6 thoughts on “GSQ5: Turning a blind eye

  1. I was remarkably well-informed as a youngster about a lot of games, mainly through Nintendo Power. One could dismiss them as a biased source of information, but for the most part, the games they gave a lot of coverage to were actually quite good. Most of the “lesser” releases just didn’t get much coverage, and there was often enough information there to ferret out whether a purchase was possibly worth it or not.

    That being said, I’ve made a few blind purchases. What on Earth was I thinking when I bought Treasure Master? (Well, it was cheap-ish.) That yard sale purchase of Trojan? NES Play Action Football? Yeesh.

    • I might as well go ahead and say that there were probably some games that Nintendo Power passed over, but to be honest, I don’t think they were quite as bad as many make them out to be.

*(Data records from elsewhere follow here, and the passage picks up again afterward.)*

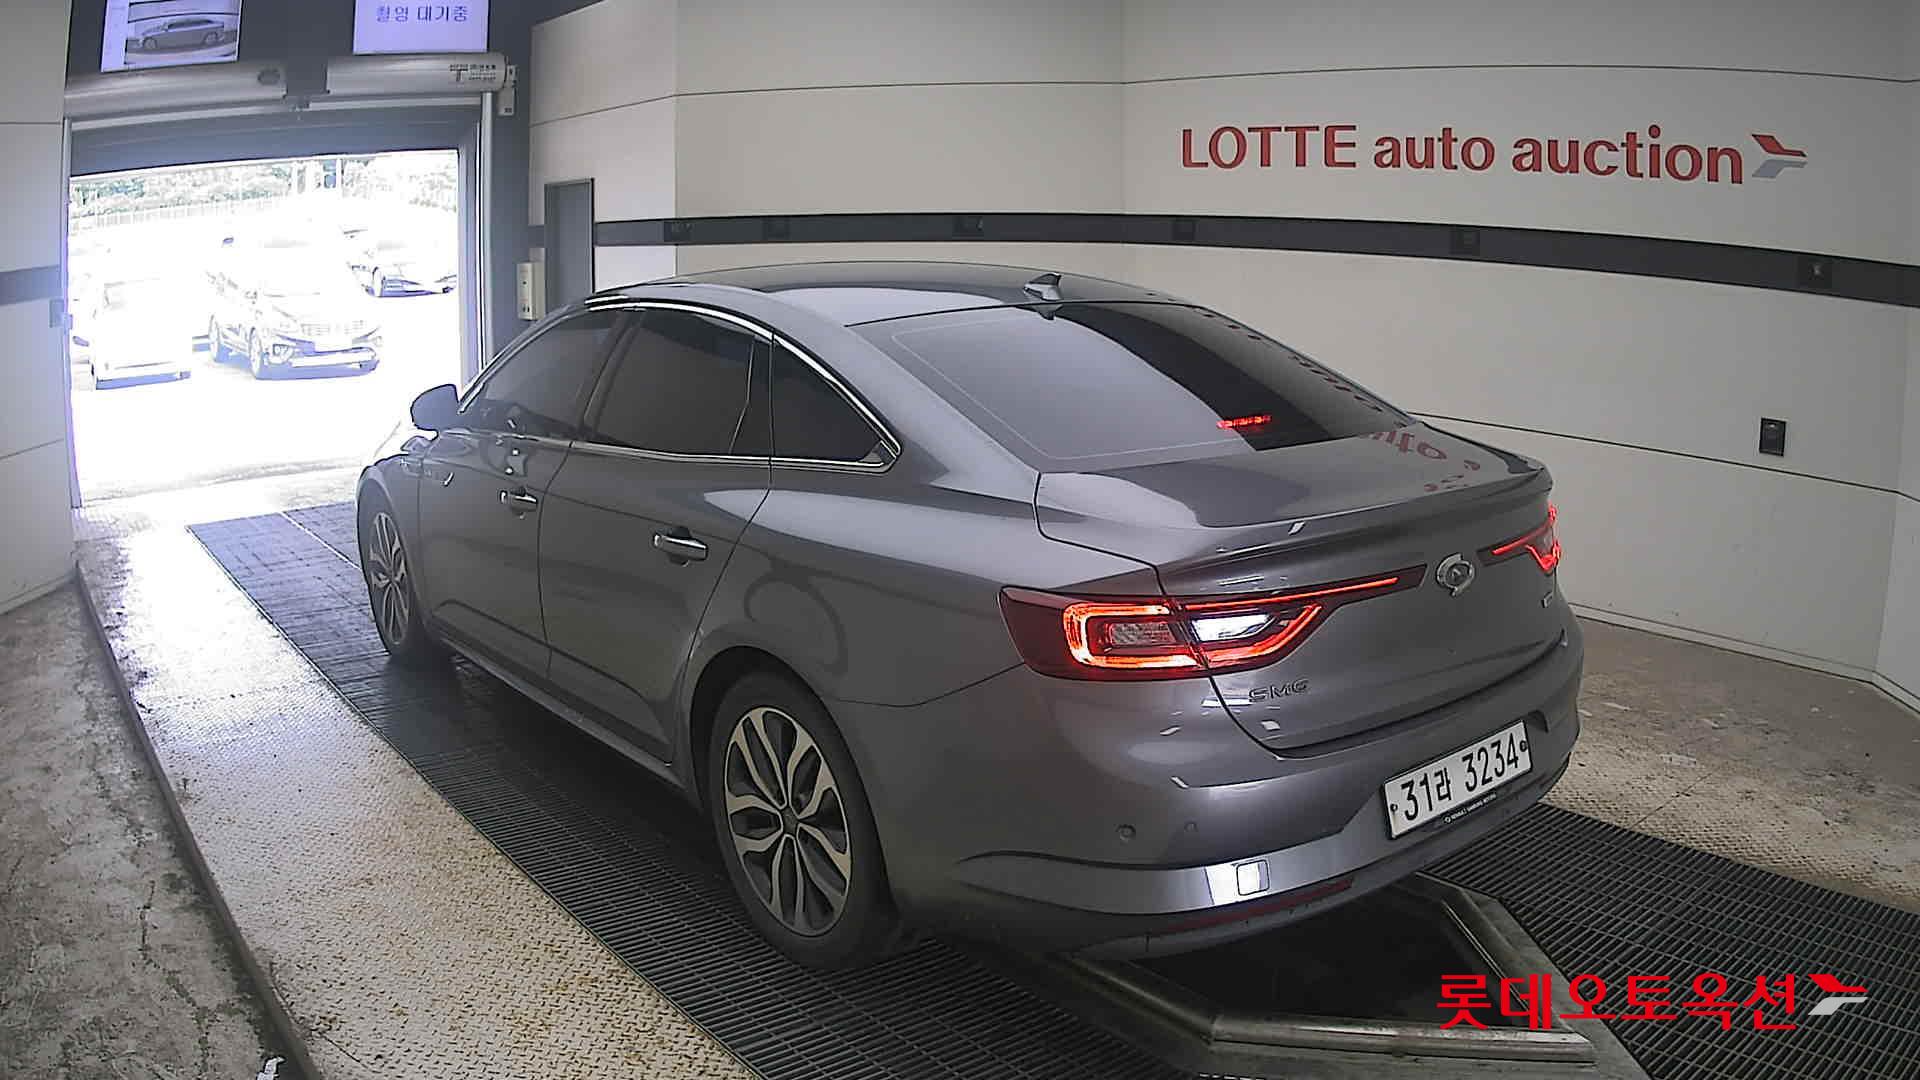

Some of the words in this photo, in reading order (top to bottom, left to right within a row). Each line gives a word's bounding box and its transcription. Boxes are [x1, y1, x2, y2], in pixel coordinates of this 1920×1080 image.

[416, 4, 468, 22] 대기중
[1181, 124, 1357, 169] LOTTE
[1373, 126, 1495, 172] auto
[1511, 124, 1743, 185] auction
[1400, 767, 1452, 821] 31라
[1461, 732, 1519, 792] 3234
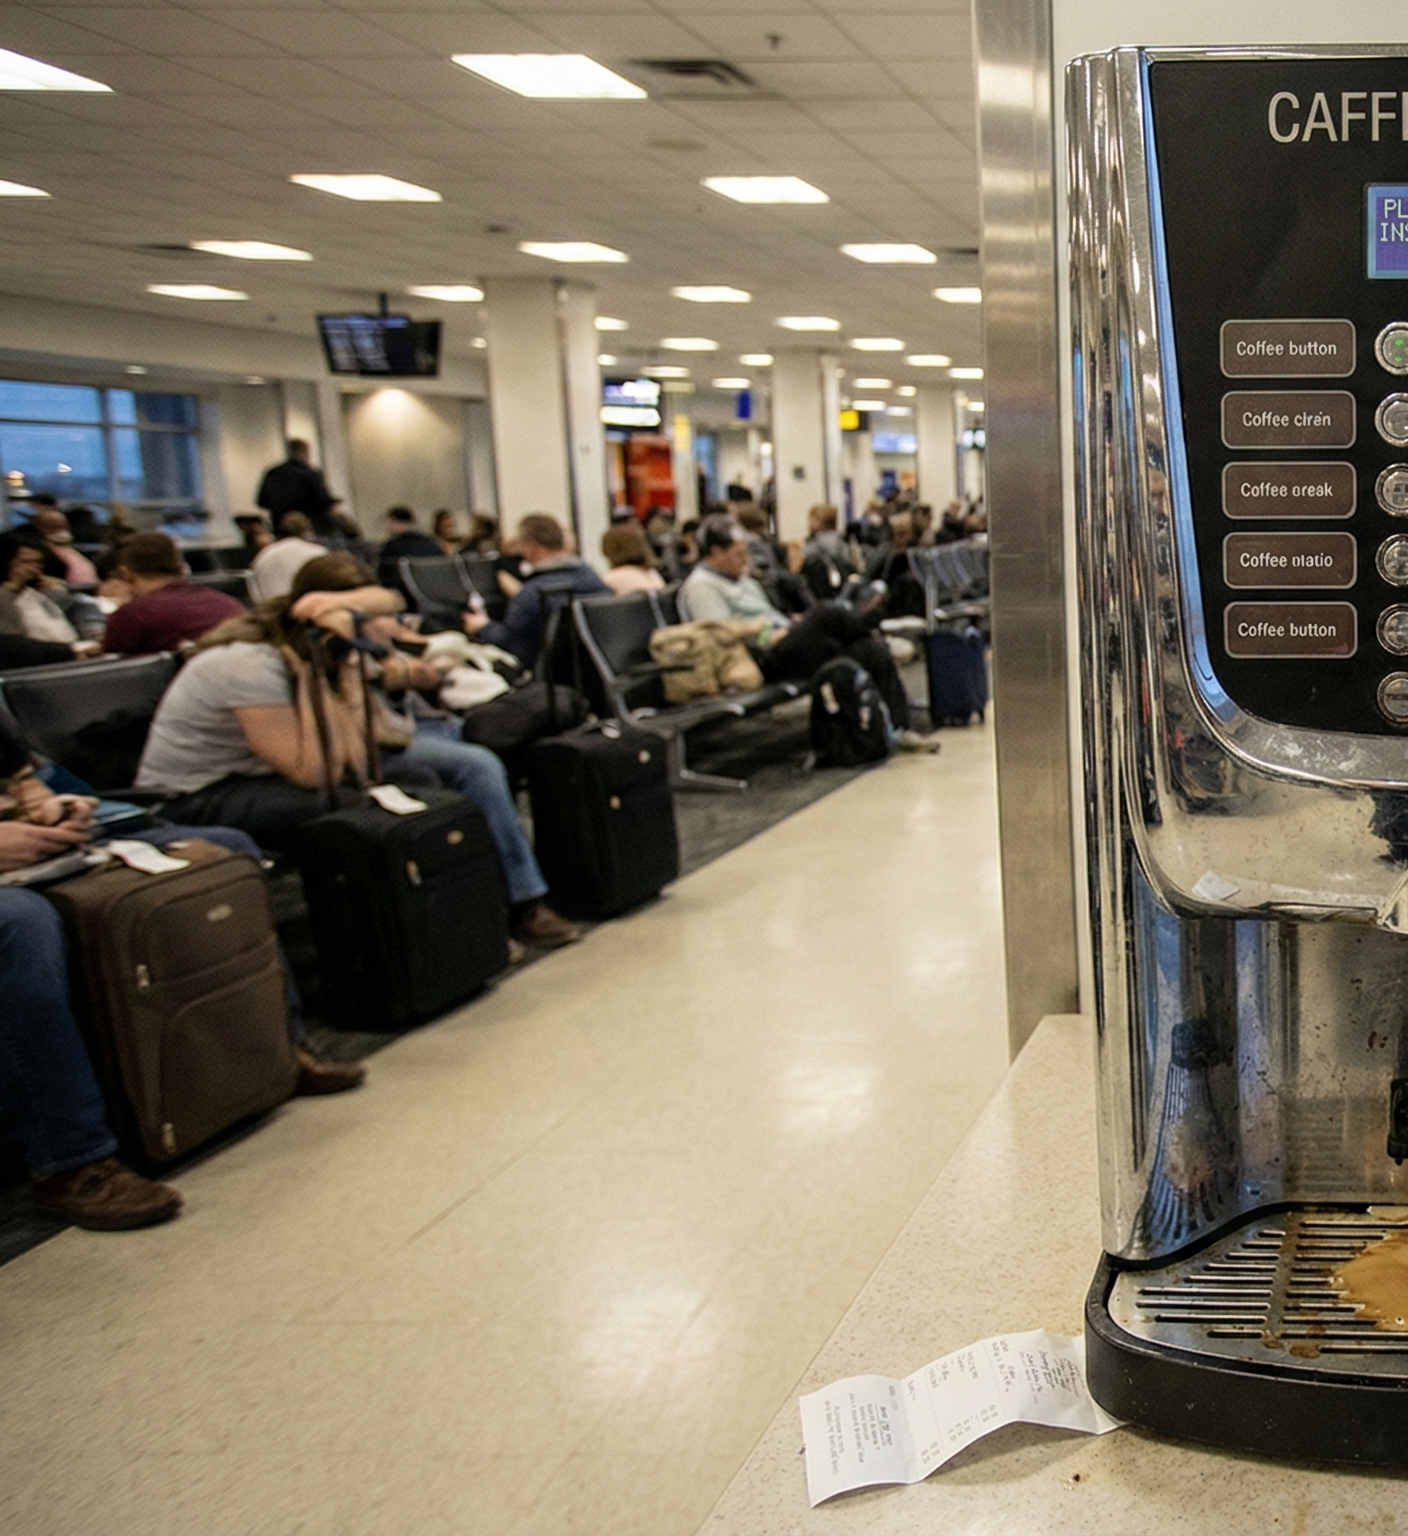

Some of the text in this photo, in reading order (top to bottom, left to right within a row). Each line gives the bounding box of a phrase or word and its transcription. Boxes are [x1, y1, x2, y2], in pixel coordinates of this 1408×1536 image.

[1236, 339, 1337, 356] Coffee button
[1242, 411, 1290, 427] Coffee
[1240, 482, 1288, 498] Coffee
[1239, 552, 1288, 568] Coffee
[1237, 621, 1337, 637] Coffee button

  2. In the NES era, I asked my parents to buy several games sight unseen. Shingen the Ruler was one of them — a difficult, serious military strategy game. I liked it quite a bit, and eventually reached the end of the game. However, I recall asking for Bases Loaded 3 the same year… and didn’t like it as much as the first Bases Loaded game.

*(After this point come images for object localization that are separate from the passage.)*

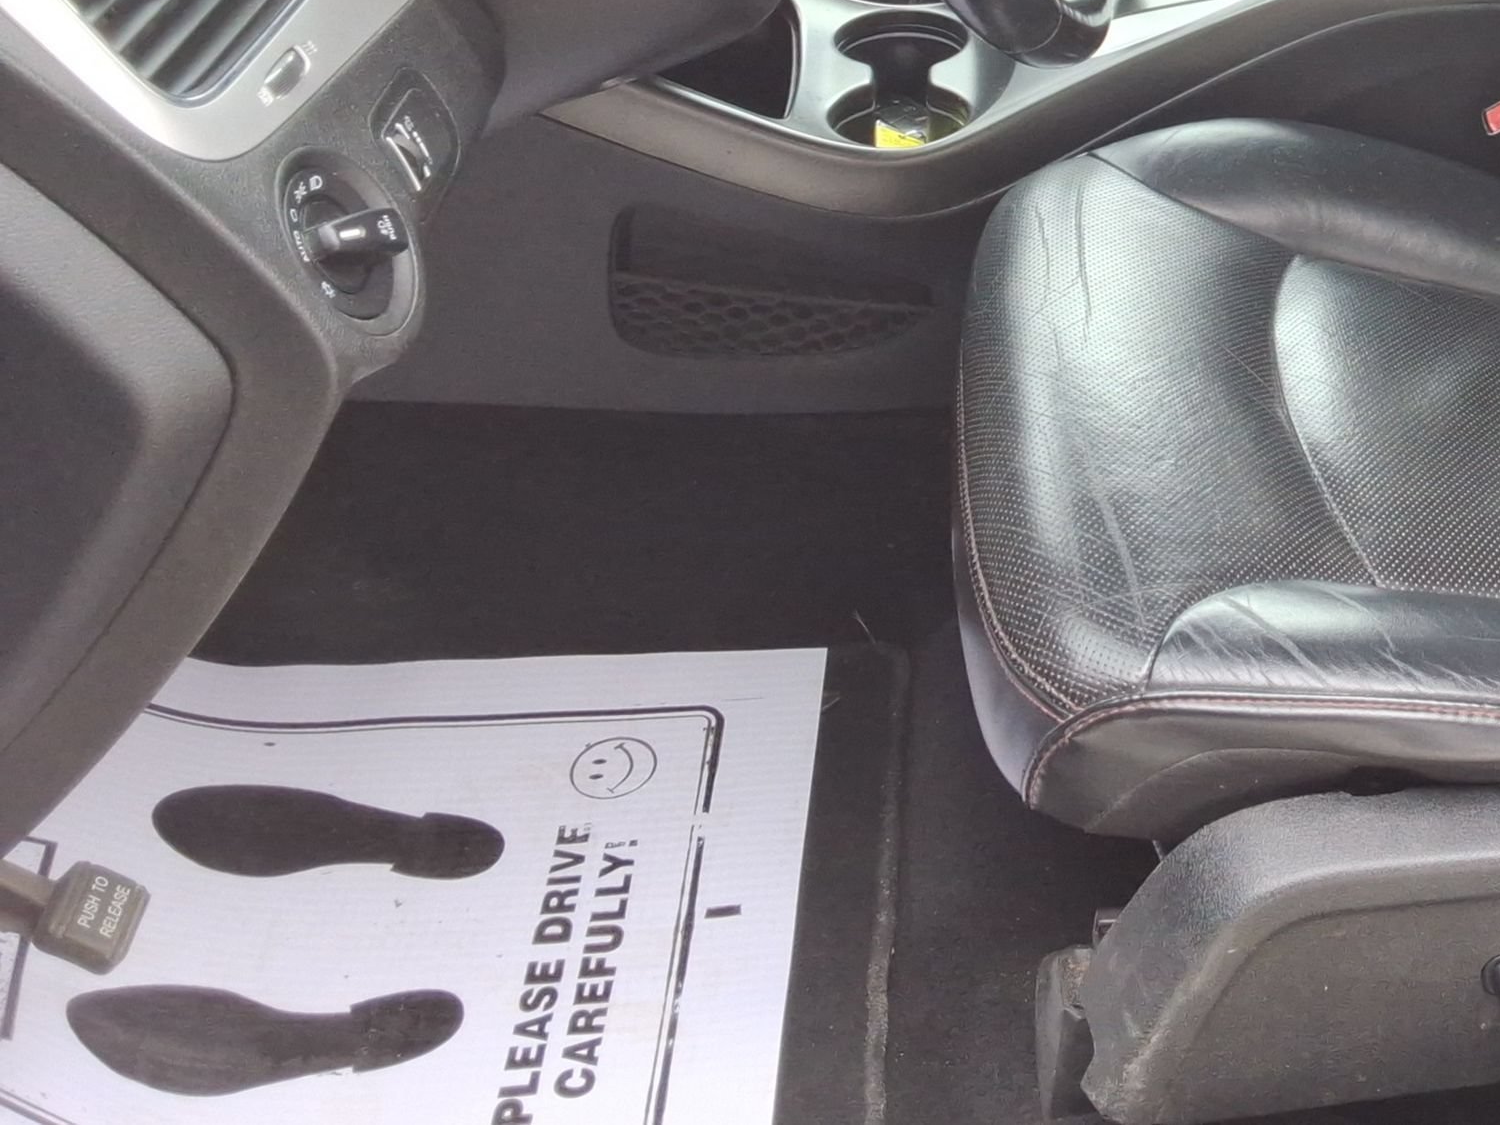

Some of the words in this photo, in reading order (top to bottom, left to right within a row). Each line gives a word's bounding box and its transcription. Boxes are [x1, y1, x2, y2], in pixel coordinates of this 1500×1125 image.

[77, 895, 101, 929] PUSH
[91, 876, 108, 892] TO
[99, 884, 131, 938] RELEASE
[490, 959, 566, 1125] PLEASE
[531, 824, 592, 945] DRIVE
[553, 839, 639, 1099] CAREFULLY!
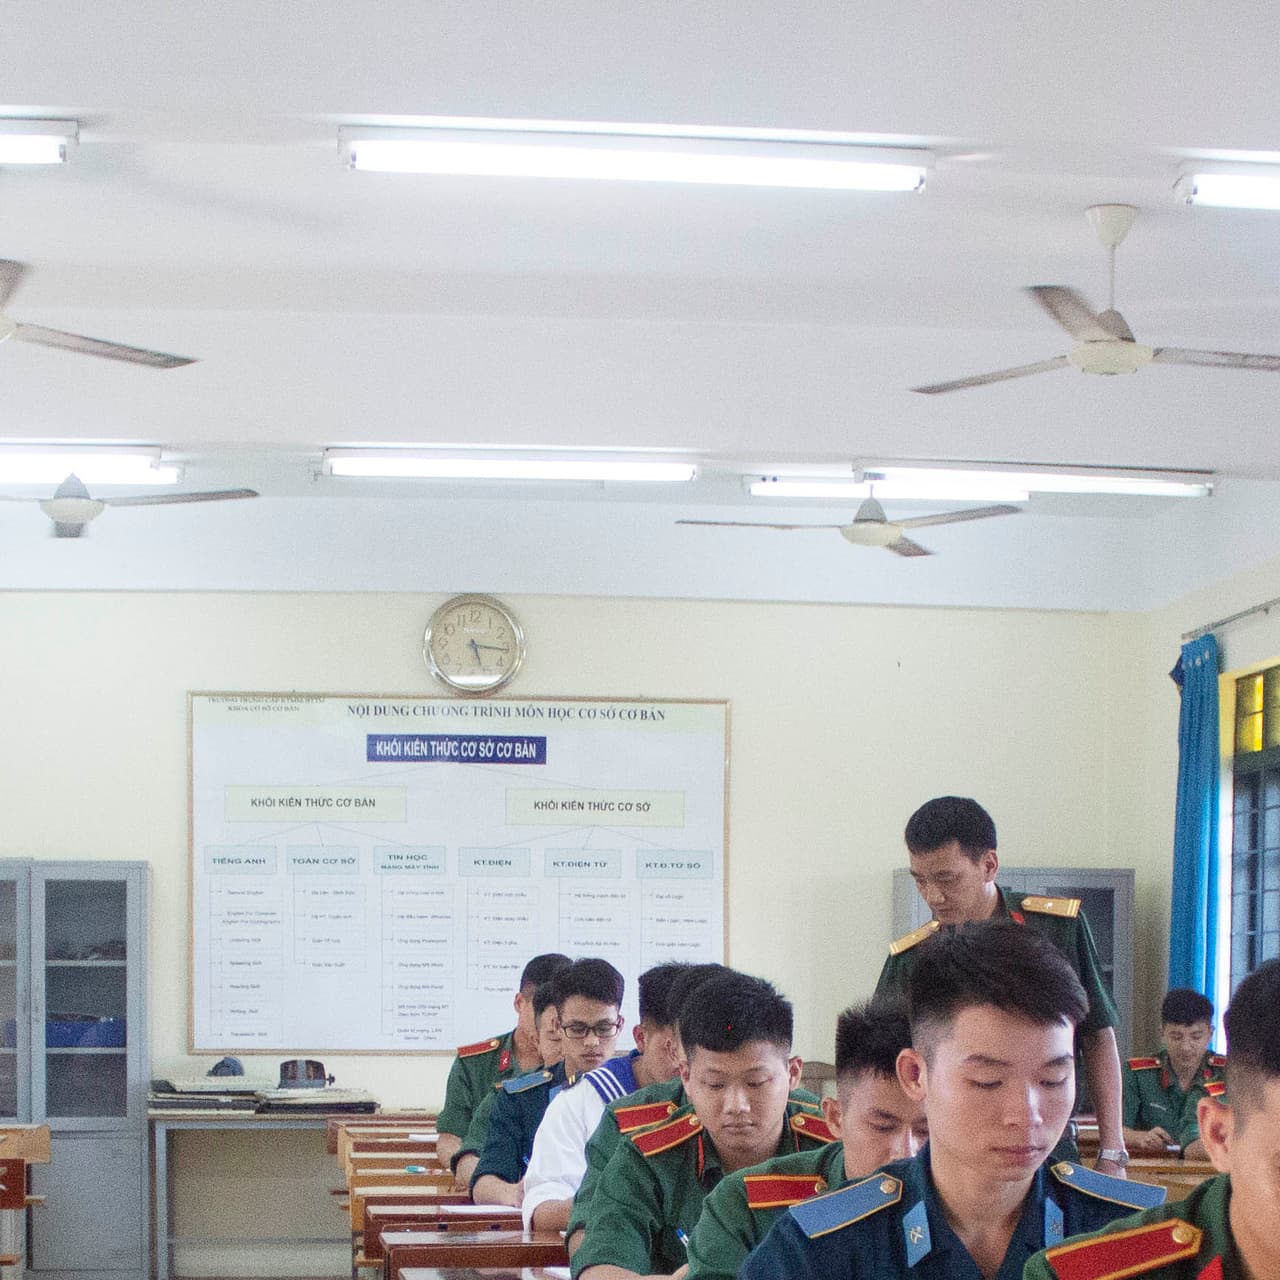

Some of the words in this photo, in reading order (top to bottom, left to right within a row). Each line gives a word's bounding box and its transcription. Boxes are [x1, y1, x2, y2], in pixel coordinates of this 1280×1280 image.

[470, 610, 481, 623] 12
[374, 705, 409, 717] DUNG
[472, 703, 511, 718] TRÌNH
[515, 703, 545, 719] MÔN
[548, 706, 575, 722] HỌC
[376, 739, 402, 756] KHỐI
[404, 738, 428, 757] KIẾN
[430, 737, 459, 757] THỨC
[461, 741, 478, 757] CƠ
[479, 740, 496, 758] SỞ
[496, 742, 513, 758] CƠ
[515, 740, 537, 759] BẢN
[244, 857, 266, 865] ANH

    Didn’t make many blind purchases during the SNES era and beyond. I made the mistake of purchasing the 16-bit version of Wing Commander, but overall I had a better idea of what I wanted.

  3. I still do the blind buy thing sometimes. When I am at Gamestop looking at the used DS and PS2 games, I basically look for the ones that have anime covers. Sometimes I get them. Paid off with Luminous Arc 2 (I could have gotten 1, but the back of 2 said it had an improved battle system! whatever that means); didn’t quite pan out with Soul Nomad.

  4. Talk about blind purchases…. My first one was Wizards & Warriors for the GameBoy! I hate that game.

  5. I remember the days of blind purchases. I guess it’s a little different now; I still make them, but usually if it’s a franchise I have faith in. Not exactly the same…

    I’m not sure if Wizards & Warriors was a blind purchase for us; I had never heard of it, but apparently my parents had, and I remember going with my dad as he sought it out.

    Frankly, I wound up loving it. I wish Rare would do something with it again already– preferably without the involvement of buckets of blood.